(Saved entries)
╭──
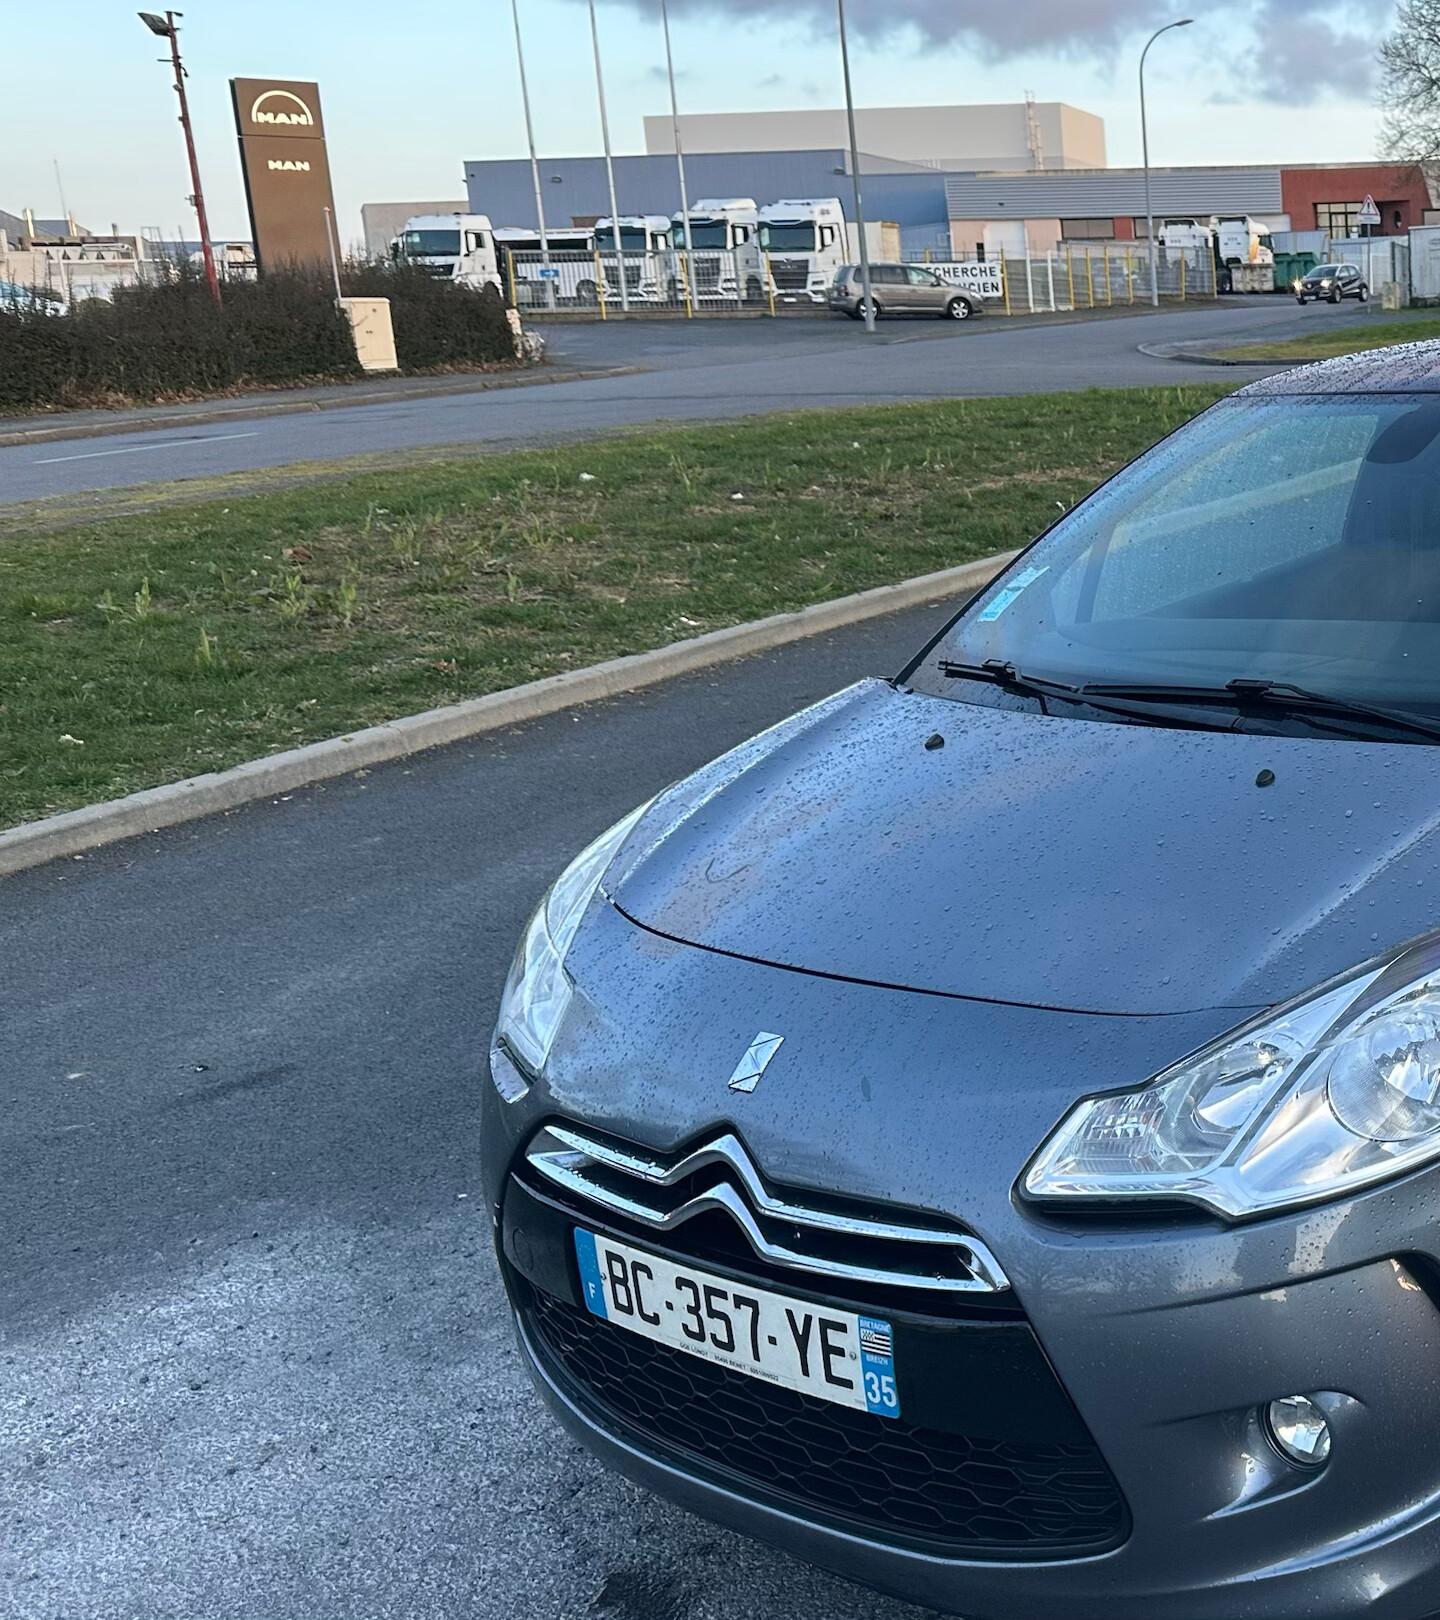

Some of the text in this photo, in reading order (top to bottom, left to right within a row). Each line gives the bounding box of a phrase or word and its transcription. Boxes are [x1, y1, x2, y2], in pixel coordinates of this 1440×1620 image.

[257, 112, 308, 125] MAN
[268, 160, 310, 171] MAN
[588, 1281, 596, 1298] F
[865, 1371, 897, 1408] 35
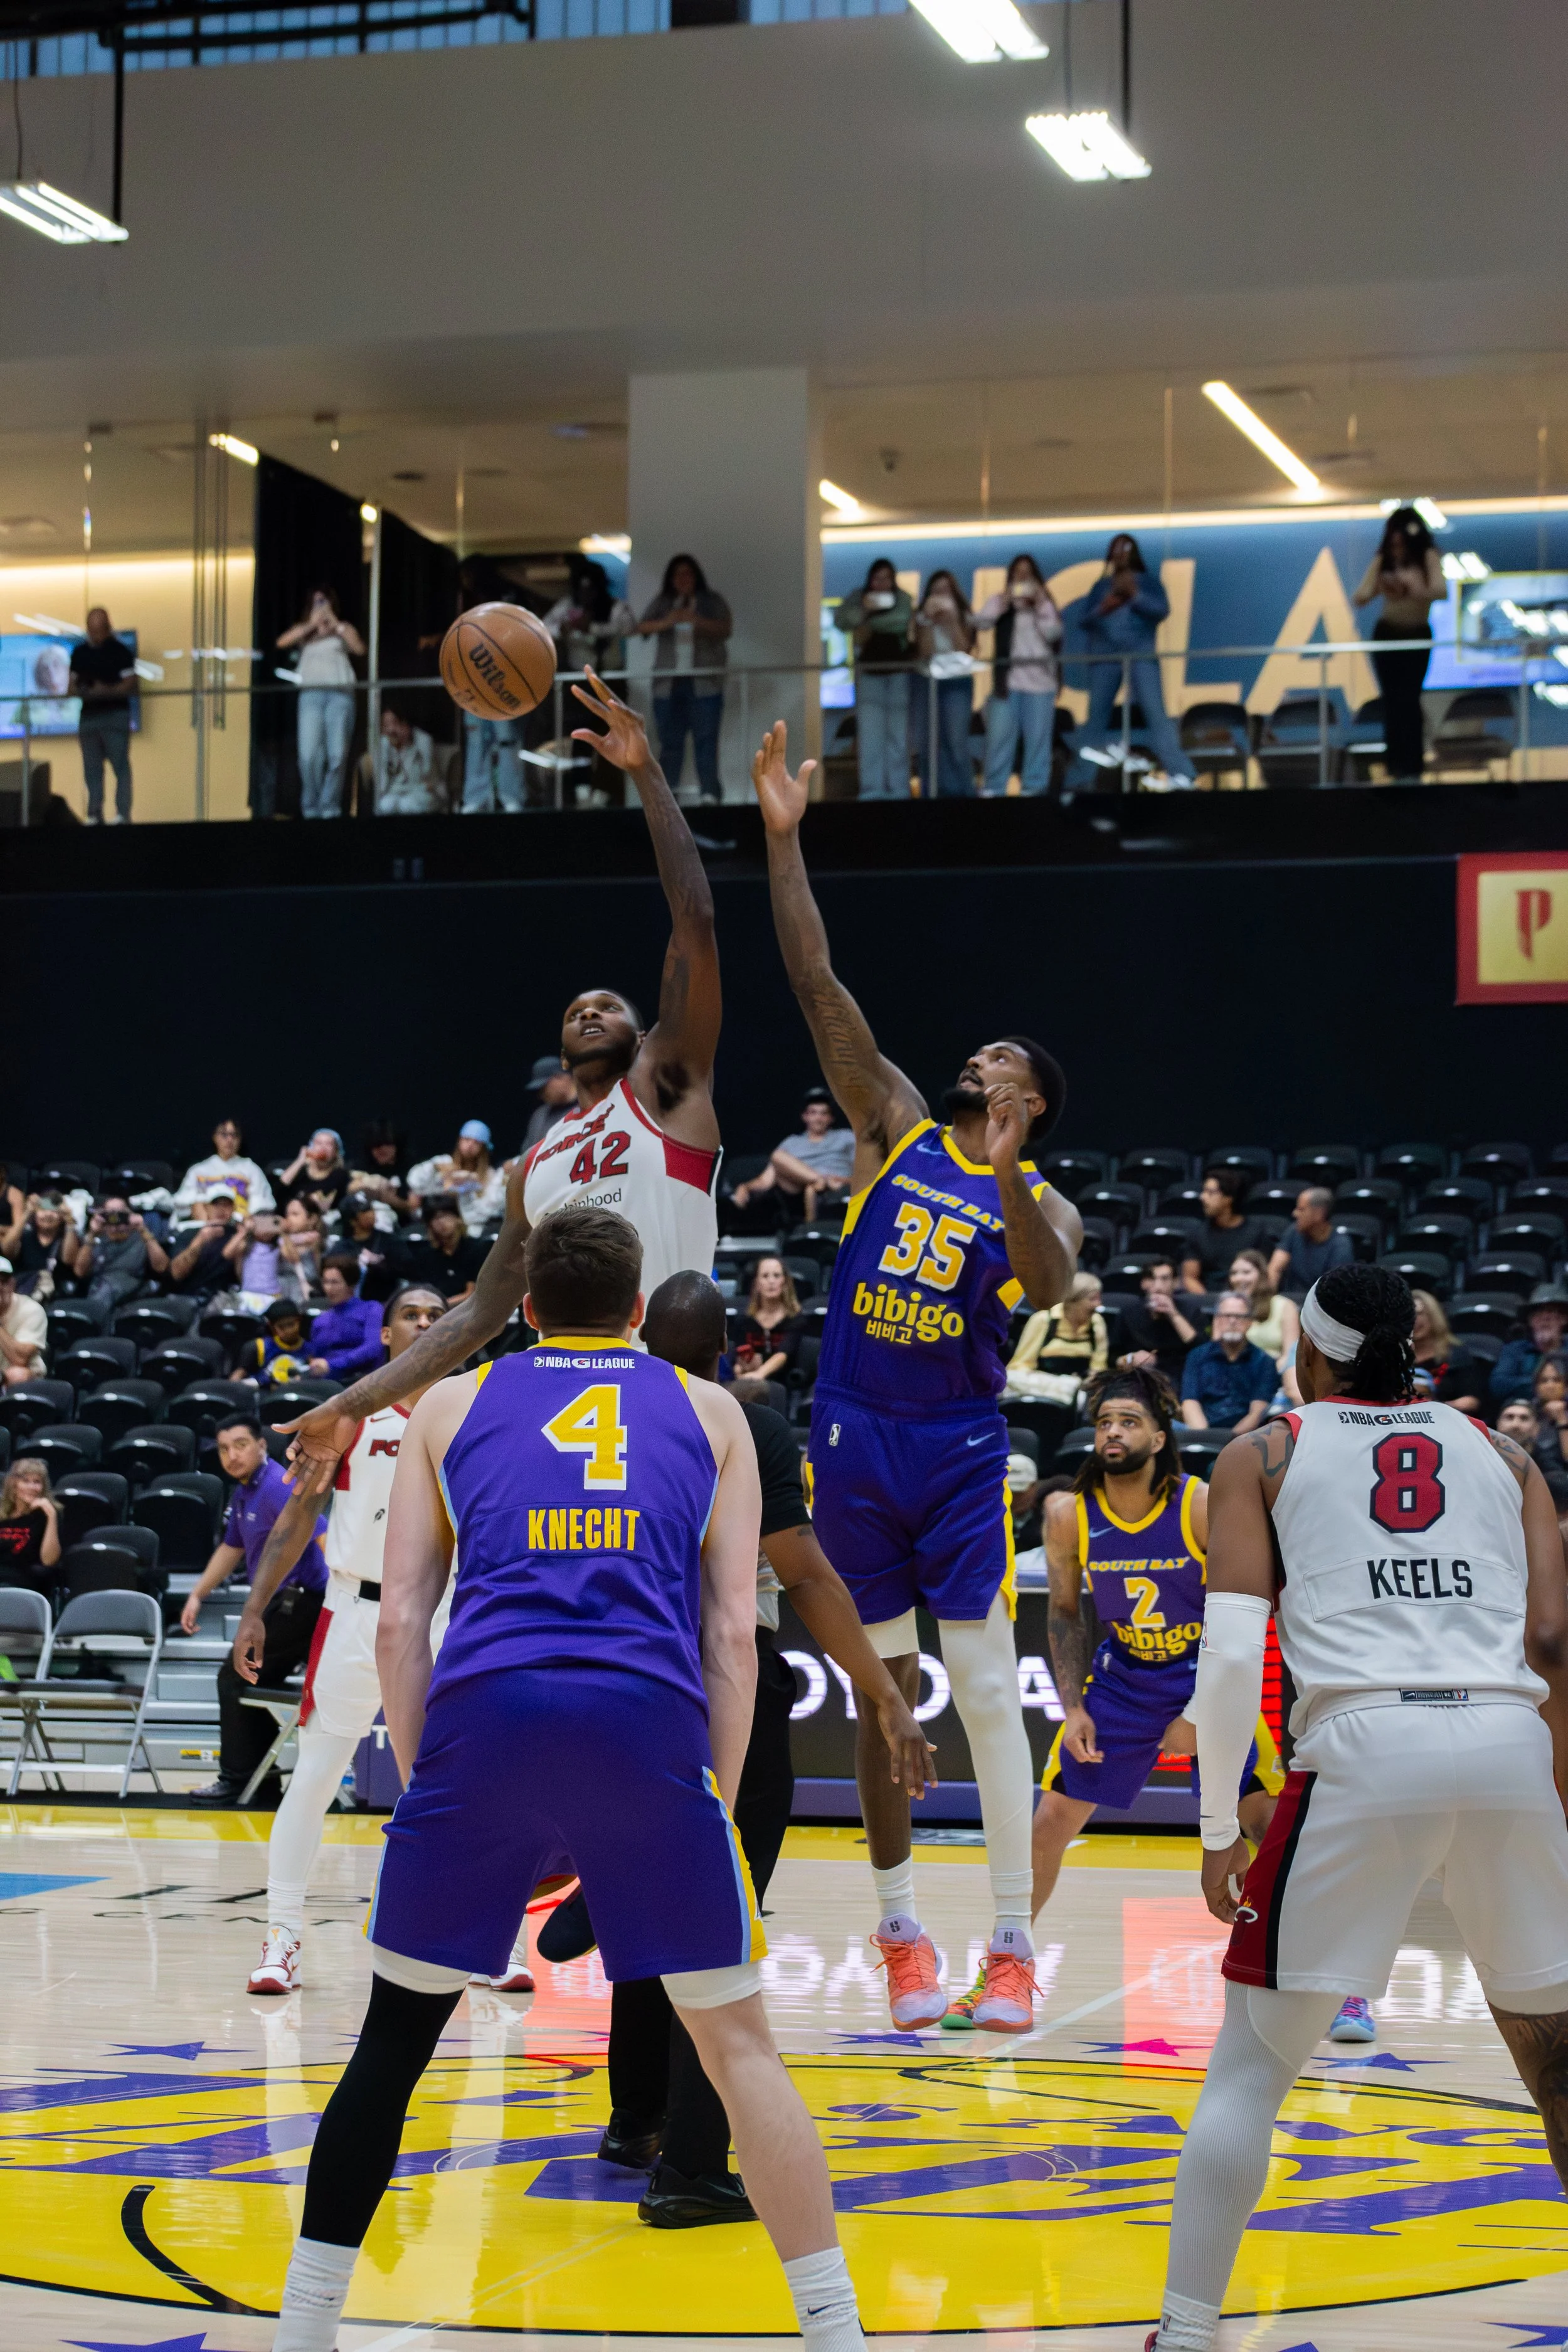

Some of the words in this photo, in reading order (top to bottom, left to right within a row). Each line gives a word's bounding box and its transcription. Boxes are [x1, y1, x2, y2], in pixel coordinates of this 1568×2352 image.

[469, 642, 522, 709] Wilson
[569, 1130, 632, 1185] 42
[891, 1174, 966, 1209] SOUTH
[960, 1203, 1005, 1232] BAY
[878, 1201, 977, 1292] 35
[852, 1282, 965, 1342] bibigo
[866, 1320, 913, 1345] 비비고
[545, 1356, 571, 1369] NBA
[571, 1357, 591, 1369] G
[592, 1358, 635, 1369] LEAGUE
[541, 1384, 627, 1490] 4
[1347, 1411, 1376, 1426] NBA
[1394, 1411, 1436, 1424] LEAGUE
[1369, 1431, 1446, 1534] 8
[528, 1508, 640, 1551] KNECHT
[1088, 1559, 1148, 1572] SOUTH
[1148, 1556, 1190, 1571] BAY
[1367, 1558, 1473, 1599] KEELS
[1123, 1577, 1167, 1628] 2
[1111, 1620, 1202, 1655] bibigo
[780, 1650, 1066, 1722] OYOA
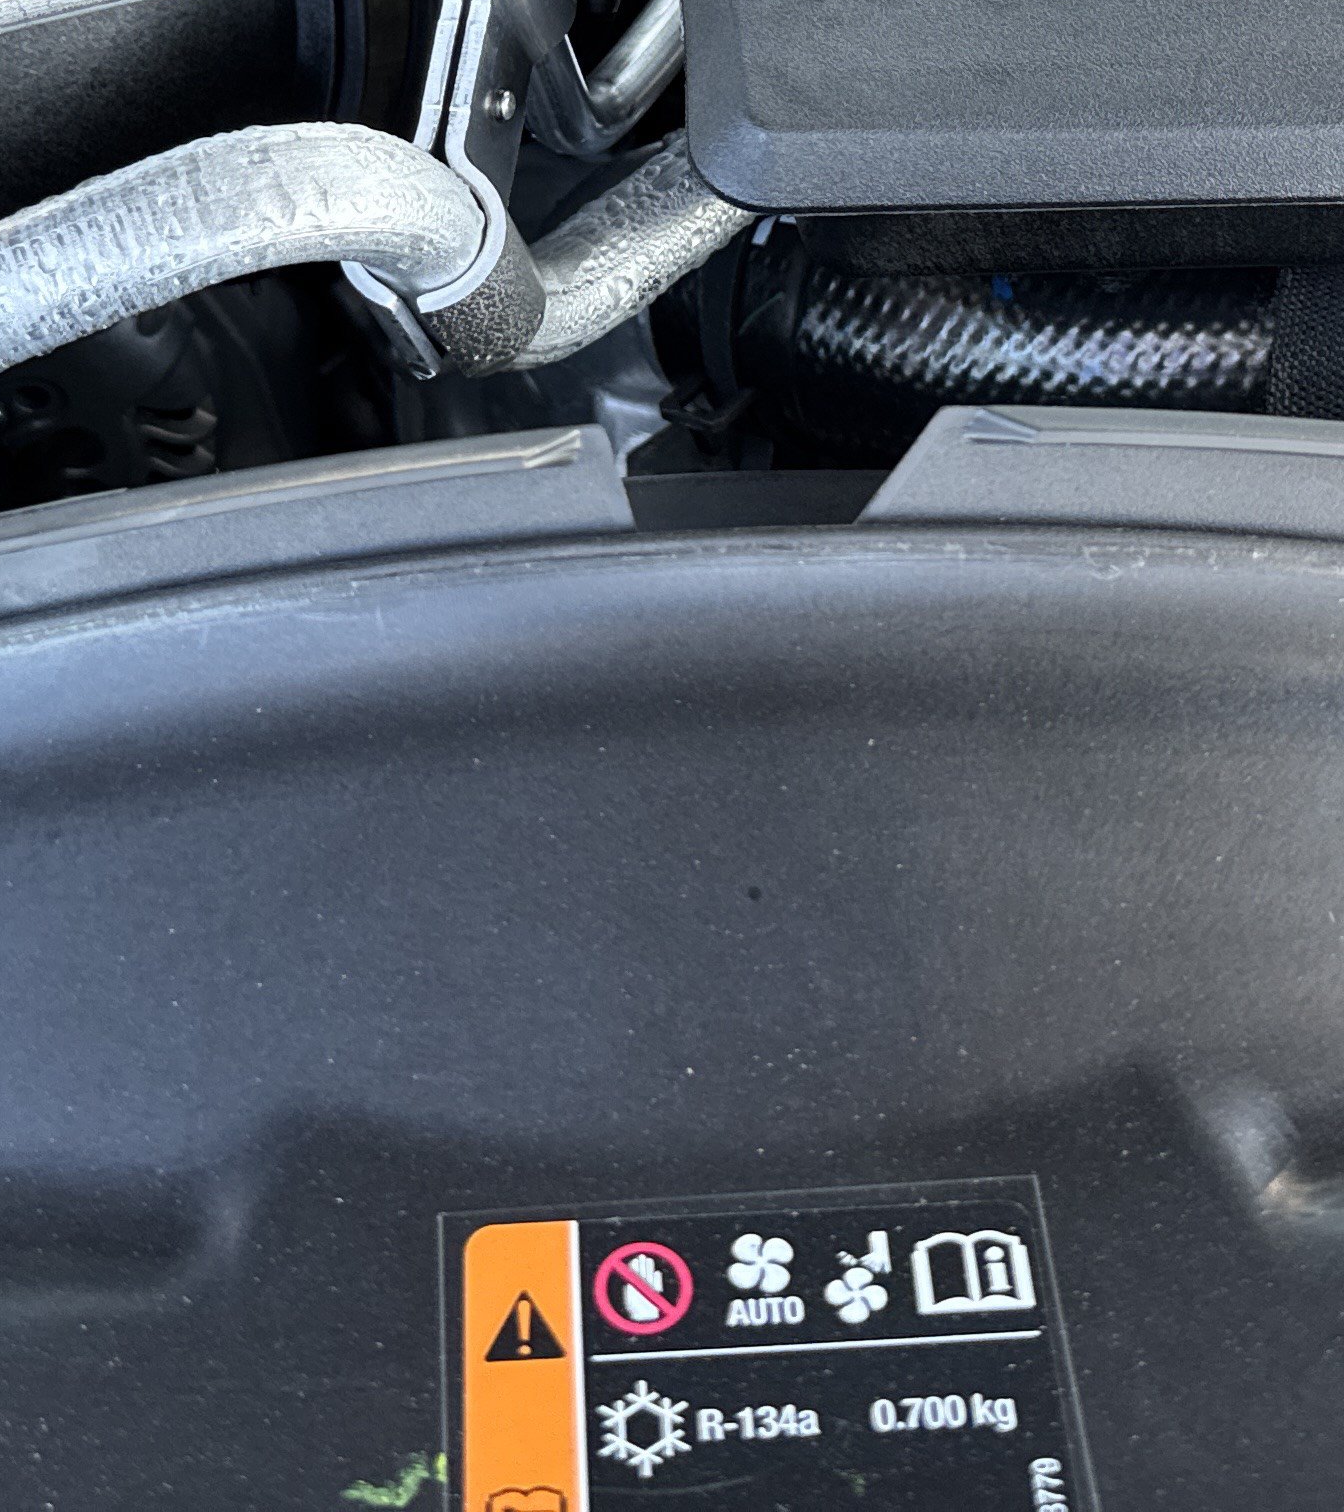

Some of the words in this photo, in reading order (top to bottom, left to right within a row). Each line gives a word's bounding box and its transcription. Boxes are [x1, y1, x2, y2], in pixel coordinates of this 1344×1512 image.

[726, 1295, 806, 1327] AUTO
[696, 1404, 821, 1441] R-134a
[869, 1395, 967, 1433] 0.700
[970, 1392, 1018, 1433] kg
╰──
WHAT YOU NEED TO DO >> Verbatim copy with pictures excluded: write out the records above in full.

RESULT >>
Some of the text in this photo, in reading order (top to bottom, left to right within a row). Each line gives the bounding box of a phrase or word and its transcription. Boxes are [x1, y1, x2, y2], in pixel coordinates of this 1440×1620 image.

[257, 112, 308, 125] MAN
[268, 160, 310, 171] MAN
[588, 1281, 596, 1298] F
[865, 1371, 897, 1408] 35

Some of the words in this photo, in reading order (top to bottom, left to right within a row). Each line gives a word's bounding box and its transcription. Boxes are [x1, y1, x2, y2], in pixel coordinates of this 1568×2352 image.

[469, 642, 522, 709] Wilson
[569, 1130, 632, 1185] 42
[891, 1174, 966, 1209] SOUTH
[960, 1203, 1005, 1232] BAY
[878, 1201, 977, 1292] 35
[852, 1282, 965, 1342] bibigo
[866, 1320, 913, 1345] 비비고
[545, 1356, 571, 1369] NBA
[571, 1357, 591, 1369] G
[592, 1358, 635, 1369] LEAGUE
[541, 1384, 627, 1490] 4
[1347, 1411, 1376, 1426] NBA
[1394, 1411, 1436, 1424] LEAGUE
[1369, 1431, 1446, 1534] 8
[528, 1508, 640, 1551] KNECHT
[1088, 1559, 1148, 1572] SOUTH
[1148, 1556, 1190, 1571] BAY
[1367, 1558, 1473, 1599] KEELS
[1123, 1577, 1167, 1628] 2
[1111, 1620, 1202, 1655] bibigo
[780, 1650, 1066, 1722] OYOA

Some of the words in this photo, in reading order (top to bottom, left to right within a row). Each line gives a word's bounding box and its transcription. Boxes are [x1, y1, x2, y2], in pixel coordinates of this 1344×1512 image.

[726, 1295, 806, 1327] AUTO
[696, 1404, 821, 1441] R-134a
[869, 1395, 967, 1433] 0.700
[970, 1392, 1018, 1433] kg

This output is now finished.